I am parsing a NWChem output file, with text that looks like:
General Information
-------------------
SCF calculation type: DFT
Wavefunction type: closed shell.
No. of atoms : 10
No. of electrons : 36
Alpha electrons : 18
Beta electrons : 18
Charge : 0
Spin multiplicity: 1
Use of symmetry is: on ; symmetry adaption is: on
Maximum number of iterations: 30
AO basis - number of functions: 95
number of shells: 45
Convergence on energy requested: 1.00D-06
Convergence on density requested: 1.00D-05
Convergence on gradient requested: 5.00D-04
XC Information
--------------
I have saved the file into a string $str
, and replaced each newline with я
.
The above text occurs about 10 times in the file, so I want to capture them all, using something like this to capture General Information
:
my @capture = $str =~ m/General\s+Informationя
\s+[-]+я
(.+(?!\-{2,})) # negative lookahead, no more than 2 "-" characters
яя\s+[-]+
/xg;
The above regex grabs just about the entire file, which is not correct.

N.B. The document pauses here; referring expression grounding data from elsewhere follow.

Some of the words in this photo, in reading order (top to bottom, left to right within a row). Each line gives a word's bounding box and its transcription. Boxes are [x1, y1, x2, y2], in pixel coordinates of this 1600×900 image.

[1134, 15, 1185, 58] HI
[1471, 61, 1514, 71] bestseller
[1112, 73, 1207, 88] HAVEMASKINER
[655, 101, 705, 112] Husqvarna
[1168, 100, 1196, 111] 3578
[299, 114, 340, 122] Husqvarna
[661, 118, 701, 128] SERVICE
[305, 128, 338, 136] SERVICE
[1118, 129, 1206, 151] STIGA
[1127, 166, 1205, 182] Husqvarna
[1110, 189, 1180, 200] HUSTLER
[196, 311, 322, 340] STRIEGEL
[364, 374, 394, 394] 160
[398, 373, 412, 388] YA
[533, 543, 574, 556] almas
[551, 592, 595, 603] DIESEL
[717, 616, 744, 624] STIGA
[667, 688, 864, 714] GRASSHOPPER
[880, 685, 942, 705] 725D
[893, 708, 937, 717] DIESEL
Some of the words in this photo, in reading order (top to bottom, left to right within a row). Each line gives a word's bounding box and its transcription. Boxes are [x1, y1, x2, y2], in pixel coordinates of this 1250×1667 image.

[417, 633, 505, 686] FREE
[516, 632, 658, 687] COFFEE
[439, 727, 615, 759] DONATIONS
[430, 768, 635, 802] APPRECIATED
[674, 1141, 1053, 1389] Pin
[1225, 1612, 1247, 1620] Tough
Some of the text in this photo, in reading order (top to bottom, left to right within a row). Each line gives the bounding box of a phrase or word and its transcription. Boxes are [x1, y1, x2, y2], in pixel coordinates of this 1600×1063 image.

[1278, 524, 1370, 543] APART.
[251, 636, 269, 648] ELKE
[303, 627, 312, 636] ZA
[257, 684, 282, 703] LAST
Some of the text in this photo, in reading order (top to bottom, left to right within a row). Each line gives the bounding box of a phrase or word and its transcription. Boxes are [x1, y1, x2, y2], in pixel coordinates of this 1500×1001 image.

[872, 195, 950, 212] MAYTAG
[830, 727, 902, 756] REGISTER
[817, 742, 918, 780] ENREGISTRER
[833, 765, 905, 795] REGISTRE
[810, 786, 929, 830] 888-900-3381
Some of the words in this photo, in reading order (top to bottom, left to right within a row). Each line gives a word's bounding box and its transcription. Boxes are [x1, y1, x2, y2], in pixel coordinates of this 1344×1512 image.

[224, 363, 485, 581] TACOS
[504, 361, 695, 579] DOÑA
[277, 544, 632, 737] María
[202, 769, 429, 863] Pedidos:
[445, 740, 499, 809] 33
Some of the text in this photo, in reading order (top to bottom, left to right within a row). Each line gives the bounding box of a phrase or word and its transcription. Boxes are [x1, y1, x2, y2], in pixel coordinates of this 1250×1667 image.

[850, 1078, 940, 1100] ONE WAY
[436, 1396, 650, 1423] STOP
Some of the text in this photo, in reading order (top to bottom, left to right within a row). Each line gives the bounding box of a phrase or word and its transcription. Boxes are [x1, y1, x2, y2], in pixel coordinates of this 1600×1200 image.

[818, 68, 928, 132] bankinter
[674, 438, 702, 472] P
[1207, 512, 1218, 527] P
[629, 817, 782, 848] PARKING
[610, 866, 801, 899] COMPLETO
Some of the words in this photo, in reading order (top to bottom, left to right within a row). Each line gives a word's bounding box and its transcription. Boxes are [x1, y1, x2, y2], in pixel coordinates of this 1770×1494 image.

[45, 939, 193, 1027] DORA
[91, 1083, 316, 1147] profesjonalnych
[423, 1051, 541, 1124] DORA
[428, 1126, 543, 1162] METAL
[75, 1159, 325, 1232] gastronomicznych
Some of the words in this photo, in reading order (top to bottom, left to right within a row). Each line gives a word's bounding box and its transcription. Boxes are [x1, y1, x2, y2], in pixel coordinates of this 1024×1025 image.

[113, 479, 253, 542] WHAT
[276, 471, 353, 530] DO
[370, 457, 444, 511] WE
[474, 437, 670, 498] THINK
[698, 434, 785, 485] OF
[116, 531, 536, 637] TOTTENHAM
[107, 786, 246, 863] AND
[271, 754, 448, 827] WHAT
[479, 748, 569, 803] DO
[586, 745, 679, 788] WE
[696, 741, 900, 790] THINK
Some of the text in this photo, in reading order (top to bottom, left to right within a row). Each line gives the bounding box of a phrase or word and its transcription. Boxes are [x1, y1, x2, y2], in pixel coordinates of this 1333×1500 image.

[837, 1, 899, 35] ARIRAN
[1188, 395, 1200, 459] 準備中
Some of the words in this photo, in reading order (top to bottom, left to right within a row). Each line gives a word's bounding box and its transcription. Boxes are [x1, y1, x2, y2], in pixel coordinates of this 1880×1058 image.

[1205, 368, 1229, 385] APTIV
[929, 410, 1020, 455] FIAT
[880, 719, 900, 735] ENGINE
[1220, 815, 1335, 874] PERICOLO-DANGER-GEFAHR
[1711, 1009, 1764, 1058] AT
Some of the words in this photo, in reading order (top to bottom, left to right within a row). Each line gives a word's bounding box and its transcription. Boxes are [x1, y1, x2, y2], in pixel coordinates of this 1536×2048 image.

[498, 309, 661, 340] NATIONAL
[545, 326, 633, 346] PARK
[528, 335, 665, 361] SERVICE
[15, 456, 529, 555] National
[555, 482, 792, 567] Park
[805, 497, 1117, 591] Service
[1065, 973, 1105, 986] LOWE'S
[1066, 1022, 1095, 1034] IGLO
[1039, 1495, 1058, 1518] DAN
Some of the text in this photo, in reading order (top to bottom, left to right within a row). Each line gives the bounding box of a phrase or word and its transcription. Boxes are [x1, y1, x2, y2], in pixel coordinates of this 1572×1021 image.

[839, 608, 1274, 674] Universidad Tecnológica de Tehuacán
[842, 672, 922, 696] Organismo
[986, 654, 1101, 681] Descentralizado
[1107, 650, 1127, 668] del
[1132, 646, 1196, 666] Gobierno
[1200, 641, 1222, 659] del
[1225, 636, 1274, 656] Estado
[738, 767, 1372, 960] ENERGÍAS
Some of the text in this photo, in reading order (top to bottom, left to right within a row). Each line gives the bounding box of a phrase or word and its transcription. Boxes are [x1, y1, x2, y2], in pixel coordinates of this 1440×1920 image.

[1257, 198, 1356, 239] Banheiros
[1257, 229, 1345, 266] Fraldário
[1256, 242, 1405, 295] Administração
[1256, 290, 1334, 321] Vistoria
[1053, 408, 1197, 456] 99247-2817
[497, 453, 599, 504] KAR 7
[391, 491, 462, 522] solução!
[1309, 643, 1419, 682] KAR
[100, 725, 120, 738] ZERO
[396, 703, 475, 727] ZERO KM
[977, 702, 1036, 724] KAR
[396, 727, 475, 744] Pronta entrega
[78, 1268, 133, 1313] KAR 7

I've also tried (.+(?![\-]{2,}))
which also captures way more text than it should.
How do I alter the regex (.+(?!\-{2,}))
so that no more than 2 -
characters are allowed within?
To capture just the General Information
section,
my $gi = /
^
\s* General[ ]Information \n # A line with the header
\s* -{2,} \n # Followed by a separator line.
(?: .* \n (?! \s* -- ) )* # Lines not followed by a separator.
/xm ? $& : undef;
To capture every section separately,
my @sections = /
^
\s* \S.* \n # A line with the header.
\s* -{2,} \n # Followed by a separator line.
(?: .* \n (?! \s* -- ) )* # Lines not followed by a separator.
/xmg;